• WHAT IS NEEDED: Only the closing portion of the entries is to be reproduced: the line containing "this 960×1280 image." through the very last line, exactly as written.

╔══

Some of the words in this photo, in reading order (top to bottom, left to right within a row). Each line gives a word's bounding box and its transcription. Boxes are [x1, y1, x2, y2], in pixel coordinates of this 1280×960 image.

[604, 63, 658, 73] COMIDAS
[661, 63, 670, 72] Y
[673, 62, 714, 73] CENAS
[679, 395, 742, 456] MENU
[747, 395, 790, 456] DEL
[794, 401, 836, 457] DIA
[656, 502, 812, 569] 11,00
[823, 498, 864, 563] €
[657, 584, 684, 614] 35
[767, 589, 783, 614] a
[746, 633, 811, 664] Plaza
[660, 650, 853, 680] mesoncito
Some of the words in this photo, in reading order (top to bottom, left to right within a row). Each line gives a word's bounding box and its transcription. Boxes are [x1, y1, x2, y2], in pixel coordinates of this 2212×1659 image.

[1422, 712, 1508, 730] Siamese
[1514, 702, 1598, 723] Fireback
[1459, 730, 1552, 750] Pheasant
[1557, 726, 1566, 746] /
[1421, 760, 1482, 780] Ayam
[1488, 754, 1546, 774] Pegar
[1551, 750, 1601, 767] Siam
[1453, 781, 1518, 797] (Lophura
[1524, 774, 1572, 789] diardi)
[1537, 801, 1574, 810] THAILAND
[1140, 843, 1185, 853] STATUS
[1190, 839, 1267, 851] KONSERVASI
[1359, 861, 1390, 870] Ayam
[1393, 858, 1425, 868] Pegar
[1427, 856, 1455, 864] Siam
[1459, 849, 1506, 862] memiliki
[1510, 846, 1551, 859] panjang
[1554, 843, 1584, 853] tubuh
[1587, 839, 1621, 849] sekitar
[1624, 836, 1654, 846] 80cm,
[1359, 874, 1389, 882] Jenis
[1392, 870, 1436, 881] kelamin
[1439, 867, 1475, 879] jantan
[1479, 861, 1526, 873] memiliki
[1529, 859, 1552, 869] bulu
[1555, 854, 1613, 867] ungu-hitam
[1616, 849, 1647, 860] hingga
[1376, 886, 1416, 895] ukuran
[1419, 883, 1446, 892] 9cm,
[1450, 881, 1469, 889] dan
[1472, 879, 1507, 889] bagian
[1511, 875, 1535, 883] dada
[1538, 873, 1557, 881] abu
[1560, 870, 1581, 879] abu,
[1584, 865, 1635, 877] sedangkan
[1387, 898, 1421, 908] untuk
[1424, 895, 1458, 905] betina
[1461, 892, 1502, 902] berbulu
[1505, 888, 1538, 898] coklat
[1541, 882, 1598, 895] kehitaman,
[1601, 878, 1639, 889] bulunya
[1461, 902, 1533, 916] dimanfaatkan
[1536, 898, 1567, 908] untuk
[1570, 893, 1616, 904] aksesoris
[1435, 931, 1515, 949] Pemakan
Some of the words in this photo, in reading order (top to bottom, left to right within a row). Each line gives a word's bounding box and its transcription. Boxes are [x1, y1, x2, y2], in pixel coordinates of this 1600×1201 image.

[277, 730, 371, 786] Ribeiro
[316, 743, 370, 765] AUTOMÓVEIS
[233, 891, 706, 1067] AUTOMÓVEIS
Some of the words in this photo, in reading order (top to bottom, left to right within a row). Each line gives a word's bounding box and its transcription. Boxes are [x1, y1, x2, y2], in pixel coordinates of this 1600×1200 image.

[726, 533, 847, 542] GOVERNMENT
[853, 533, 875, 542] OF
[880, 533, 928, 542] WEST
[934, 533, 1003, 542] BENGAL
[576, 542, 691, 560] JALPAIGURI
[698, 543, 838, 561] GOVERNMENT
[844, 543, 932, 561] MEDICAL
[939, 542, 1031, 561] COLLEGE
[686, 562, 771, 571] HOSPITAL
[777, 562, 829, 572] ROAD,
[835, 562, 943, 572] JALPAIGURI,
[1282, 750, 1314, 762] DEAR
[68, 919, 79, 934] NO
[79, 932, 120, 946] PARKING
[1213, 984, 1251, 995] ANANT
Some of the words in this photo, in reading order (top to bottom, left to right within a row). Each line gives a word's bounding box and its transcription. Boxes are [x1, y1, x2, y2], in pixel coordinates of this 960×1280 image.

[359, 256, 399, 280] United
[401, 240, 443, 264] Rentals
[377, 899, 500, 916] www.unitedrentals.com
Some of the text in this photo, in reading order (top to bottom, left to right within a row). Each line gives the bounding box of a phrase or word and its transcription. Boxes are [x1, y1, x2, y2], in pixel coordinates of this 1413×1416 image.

╚══

• WRITTEN REPLY:
Some of the words in this photo, in reading order (top to bottom, left to right within a row). Each line gives a word's bounding box and its transcription. Boxes are [x1, y1, x2, y2], in pixel coordinates of this 960×1280 image.

[359, 256, 399, 280] United
[401, 240, 443, 264] Rentals
[377, 899, 500, 916] www.unitedrentals.com
Some of the text in this photo, in reading order (top to bottom, left to right within a row). Each line gives the bounding box of a phrase or word and its transcription. Boxes are [x1, y1, x2, y2], in pixel coordinates of this 1413×1416 image.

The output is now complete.